Oggi, oltre il 55% dei pazienti che afferiscono ai reparti di medicina interna necessitano di un’assistenza intensiva, a causa della gravità e della complessità delle loro condizioni.
Una delle maggiori sfide per la medicina interna è quindi ottenere il riconoscimento formale di questa alta intensità di cure. Il DM 70, attualmente in esame in Senato, ha già introdotto il concetto di “subintensiva internistica”, un passo importante verso una migliore organizzazione della specialità. Tuttavia, è necessario fare un ulteriore sforzo per rivedere anche il decreto Donat Cattin e allinearlo alla nuova realtà clinica, un obiettivo che SIMI e FADOI stanno perseguendo congiuntamente.
L’appropriatezza dei percorsi di cura: una riorganizzazione necessaria
Nicola Montano, presidente della SIMI, ha sottolineato come il problema dell’appropriatezza del percorso di cura sia centrale per risolvere molte delle criticità attuali del sistema sanitario, incluso l’affollamento dei pronto soccorso. Spesso, infatti, i pazienti non trovano adeguata assistenza sul territorio e si recano autonomamente in pronto soccorso, anche quando il loro problema non è acuto. Questo genera un sovraccarico che non può essere risolto solo incrementando il personale o i mezzi in pronto soccorso.

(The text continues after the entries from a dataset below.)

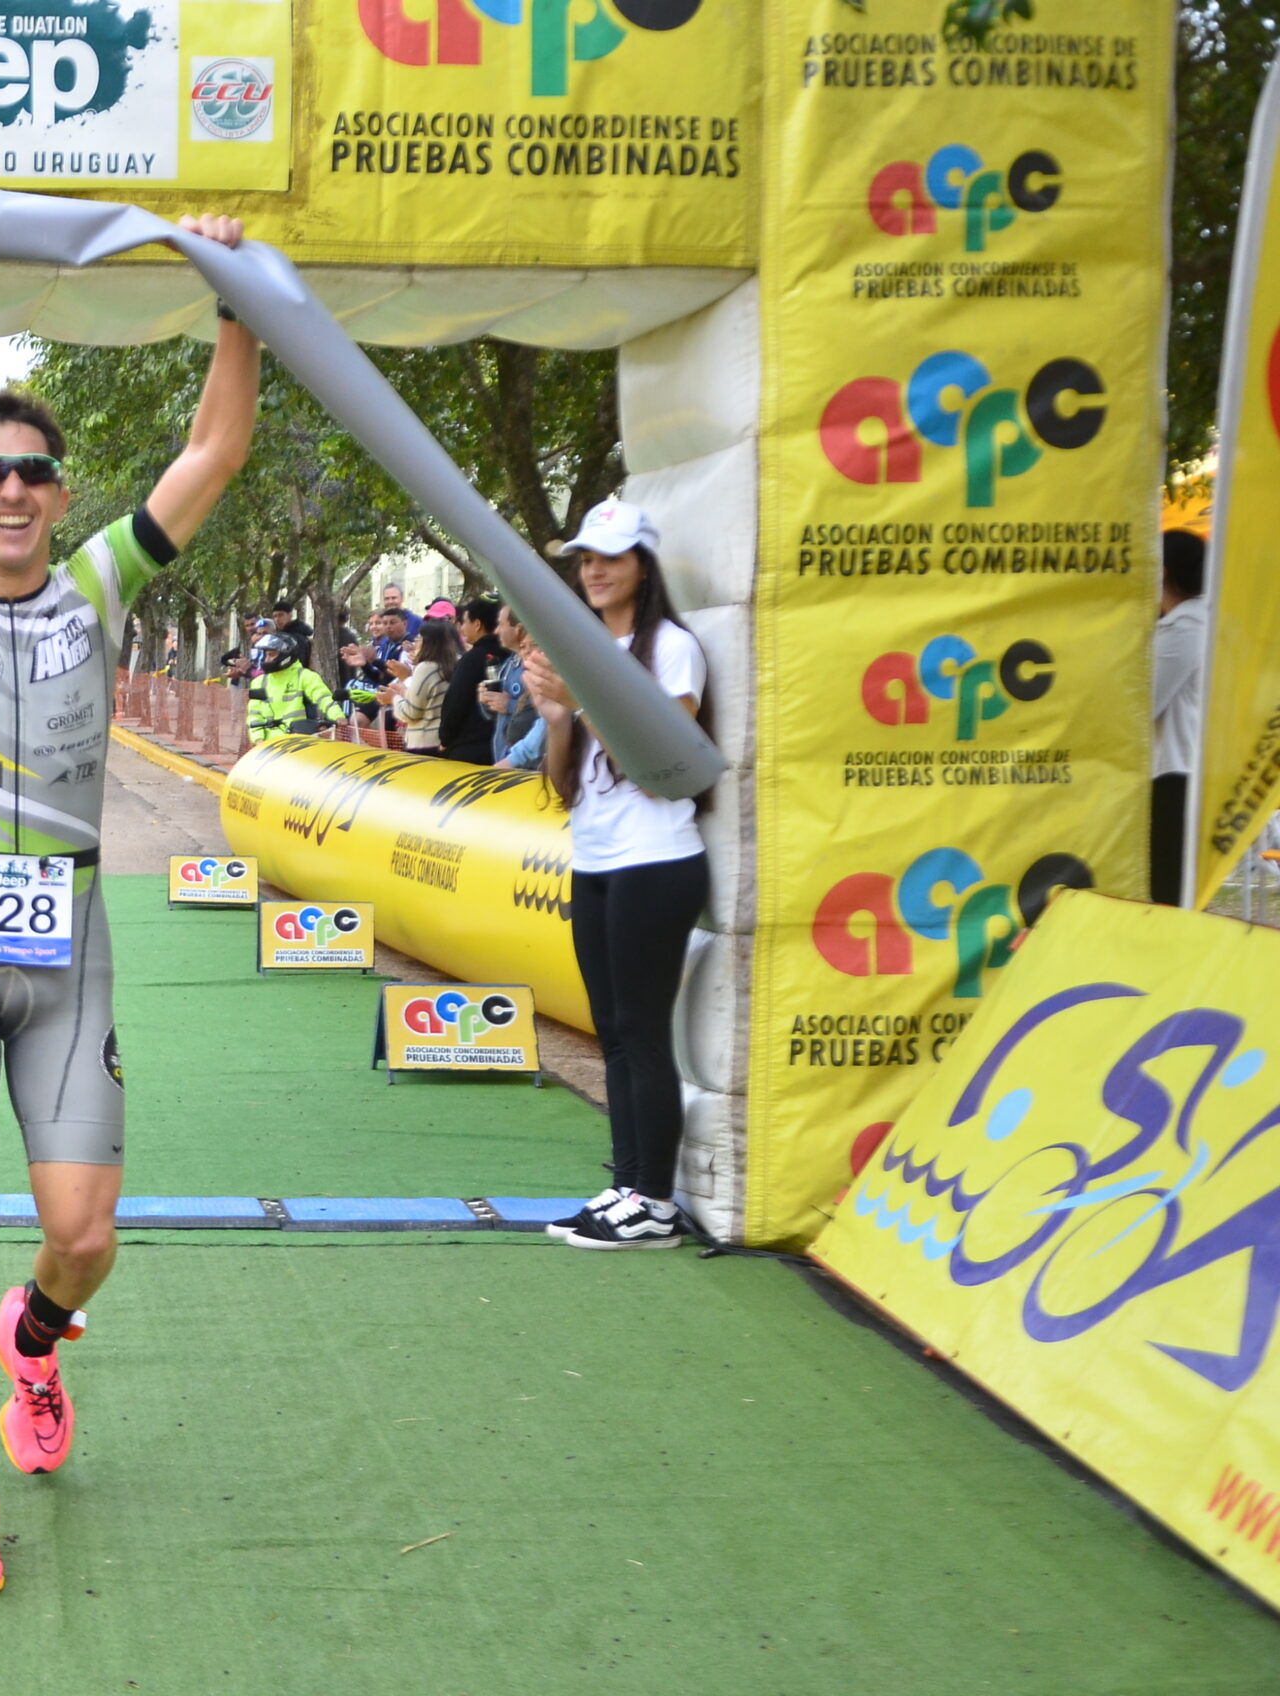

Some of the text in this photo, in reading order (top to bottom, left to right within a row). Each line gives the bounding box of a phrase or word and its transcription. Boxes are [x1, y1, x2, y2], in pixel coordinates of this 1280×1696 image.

[12, 15, 88, 35] DUATLON
[804, 33, 936, 56] ASOCIACION
[1114, 36, 1137, 57] DE
[802, 58, 1138, 90] PRUEBAS COMBINADAS
[191, 83, 273, 101] CCU
[333, 111, 739, 142] ASOCIACION CONCORDIENSE DE
[33, 151, 157, 174] URUGUAY
[330, 139, 741, 178] PRUEBAS COMBINADAS
[853, 262, 1078, 278] ASOCIACION CONCORDIENSE DE
[852, 278, 1082, 298] PRUEBAS COMBINADAS
[800, 522, 1132, 546] ASOCIACION CONCORDIENSE DE
[798, 546, 1132, 576] PRUEBAS COMBINADAS
[844, 750, 1071, 765] ASOCIACION CONCORDIENSE DE
[843, 765, 1072, 787] PRUEBAS COMBINADAS
[791, 1014, 921, 1036] ASOCIACION
[406, 1053, 524, 1064] PRUEBAS COMBINADAS
[789, 1037, 920, 1067] PRUEBAS

Tuttavia, richiede una riorganizzazione dell’intero percorso di cura del paziente, dal territorio all’ospedale e ritorno.

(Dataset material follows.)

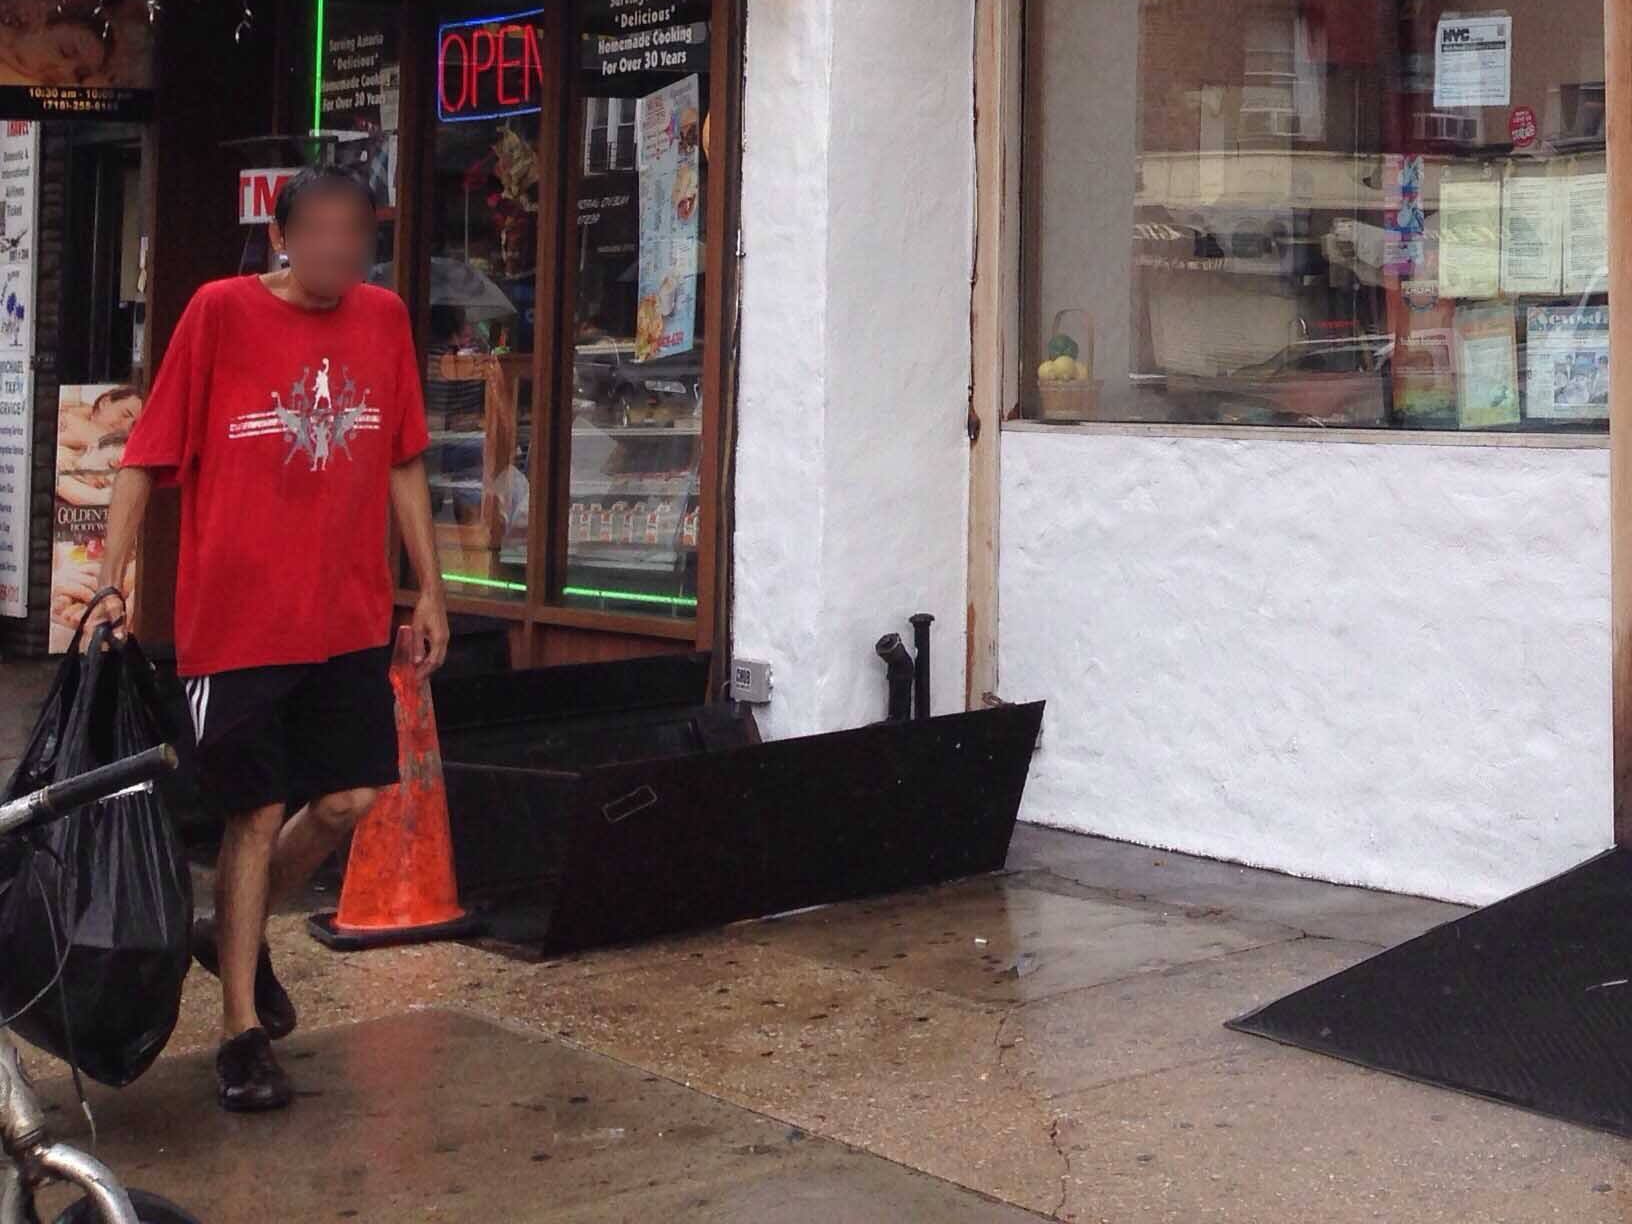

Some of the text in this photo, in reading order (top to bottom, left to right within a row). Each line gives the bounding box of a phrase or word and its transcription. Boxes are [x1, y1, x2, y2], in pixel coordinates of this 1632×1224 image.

[598, 26, 692, 55] Homemade Cooking
[1443, 27, 1470, 43] NYC
[440, 23, 543, 113] OPEN
[602, 50, 687, 76] For Over 30 Years

Una delle principali difficoltà risiede nella gestione dei “bed blockers”.
Parliamo cioè di pazienti che, pur non avendo più necessità di cure acute, rimangono occupando posti letto per mancanza di strutture territoriali adeguate, come lungodegenze o servizi di riabilitazione. Questa problematica riflette una debolezza strutturale del sistema, che fatica a collegare efficacemente l’assistenza ospedaliera con quella territoriale, contribuendo all’intasamento generale del sistema.
Analisi sociale ed economica: un sistema di vasi comunicanti
Dal punto di vista sociale, la Medicina Interna si trova ad affrontare un contesto in cui l’invecchiamento della popolazione e l’aumento delle malattie croniche sono in costante crescita.

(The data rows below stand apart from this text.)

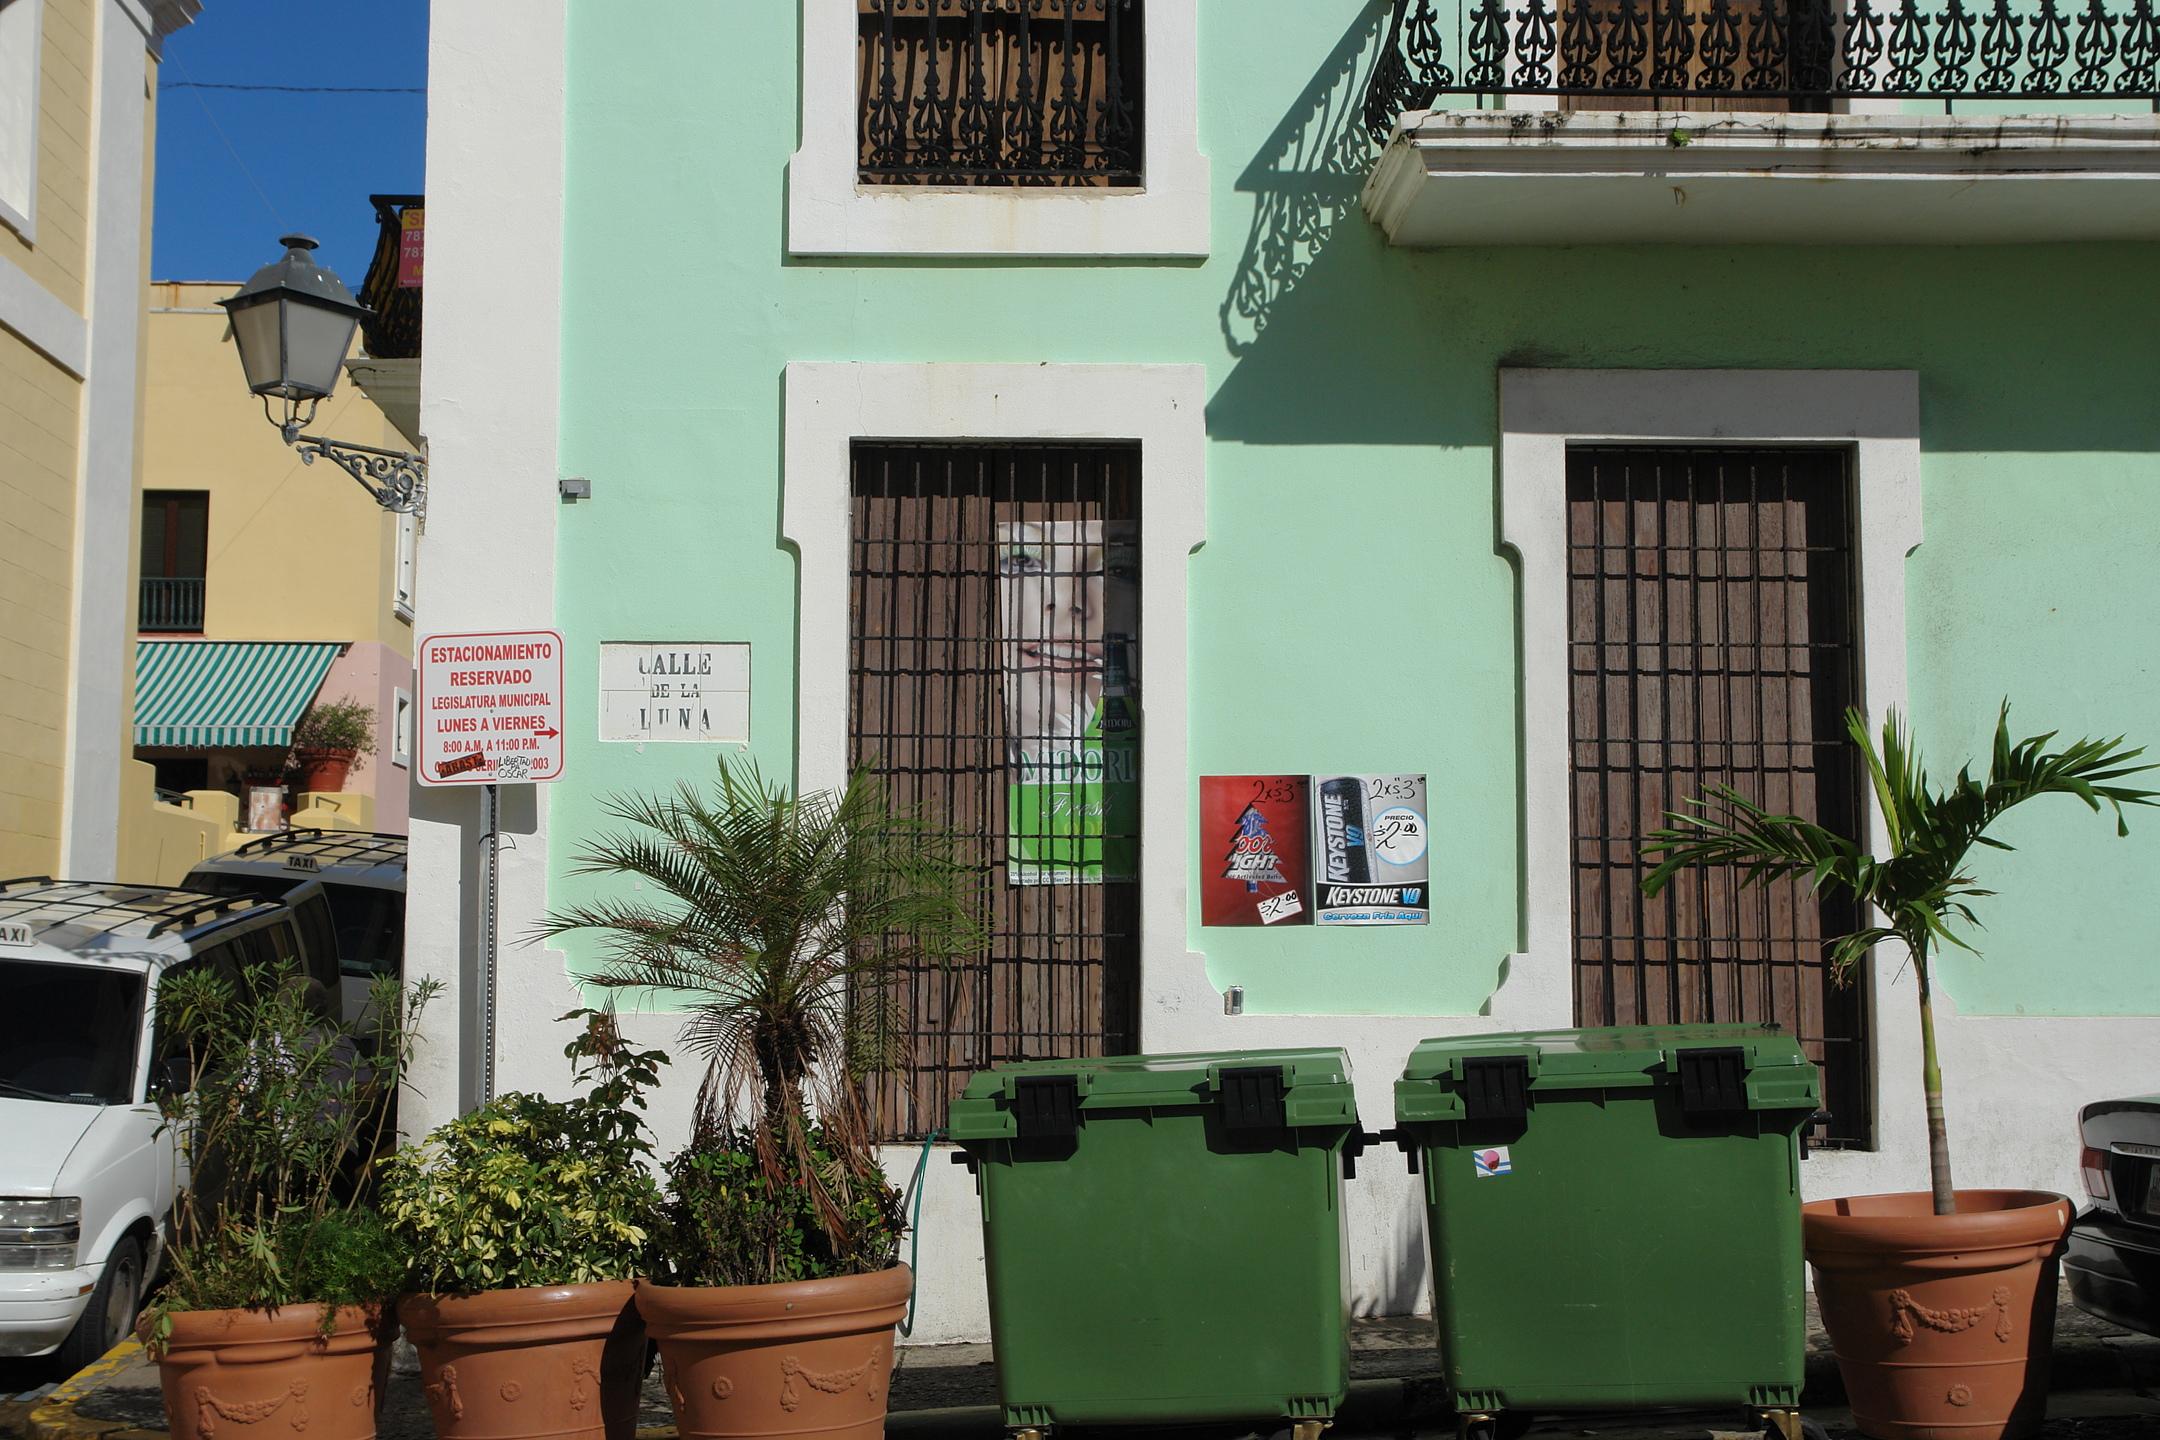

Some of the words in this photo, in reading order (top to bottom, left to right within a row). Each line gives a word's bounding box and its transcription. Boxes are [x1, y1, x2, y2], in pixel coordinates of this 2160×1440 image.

[431, 643, 552, 663] ESTACIONAMIENTO
[638, 652, 712, 675] CALLE
[450, 669, 532, 686] RESERVADO
[650, 683, 670, 699] DE
[680, 683, 701, 698] LA
[432, 694, 497, 710] LEGISLATURA
[499, 692, 551, 708] MUNICIPAL
[437, 718, 477, 733] LUNES
[480, 717, 489, 731] A
[493, 715, 545, 730] VIERNES
[639, 708, 711, 731] LUNA
[443, 740, 462, 753] 8:00
[465, 740, 484, 753] A.M.
[486, 740, 493, 751] A
[496, 739, 520, 751] 11:00
[522, 738, 540, 751] P.M.
[498, 755, 531, 769] LIBERTAD
[530, 757, 549, 770] 003
[1019, 748, 1136, 784] MIDORI
[498, 768, 528, 779] OSCAR
[1324, 793, 1350, 882] KEYSTONE
[288, 856, 314, 869] TAXI
[1325, 886, 1401, 906] KEYSTONE
[1323, 911, 1370, 920] Cerveza

Questo fenomeno porta a una pressione sempre maggiore sul sistema sanitario, che deve adattarsi per gestire pazienti sempre più complessi e con necessità assistenziali variegate.
La mancata integrazione tra assistenza territoriale e ospedaliera provoca spesso il ricorso improprio alle strutture di emergenza e ricoveri non necessari.
Il che aggrava i costi per il sistema sanitario e generando inefficienze che hanno ripercussioni sull’intero ciclo di cura.
Dal punto di vista economico, questo settore rappresenta una risorsa fondamentale per il sistema sanitario.
Allo stesso tempo, rappresenta un’area in cui si concentrano molte delle spese sanitarie, a causa della gestione di pazienti con comorbidità e patologie complesse.
Una migliore organizzazione dei percorsi di cura potrebbe ridurre drasticamente i costi associati ai ricoveri inappropriati.
Potrebbe altresì allungare il tempo di permanenza nei reparti per pazienti che, pur avendo superato la fase acuta, non possono essere dimessi per mancanza di alternative adeguate sul territorio.
In definitiva, l’alleanza tra SIMI e FADOI è solo l’inizio di un percorso che mira a ridefinire i ruoli e le competenze degli internisti.
Obiettivo? Garantire un’organizzazione più efficace e appropriata.
L’adeguamento delle normative e la creazione di percorsi di cura più fluidi sono le chiavi per affrontare un sistema sanitario sempre più sotto pressione.
Per raggiungere questi obiettivi, sarà fondamentale un impegno condiviso a tutti i livelli del sistema, da quello normativo e politico a quello organizzativo e sociale.
Solo in questo modo la medicina interna potrà esprimere tutto il suo potenziale nella cura dei pazienti più fragili e complessi.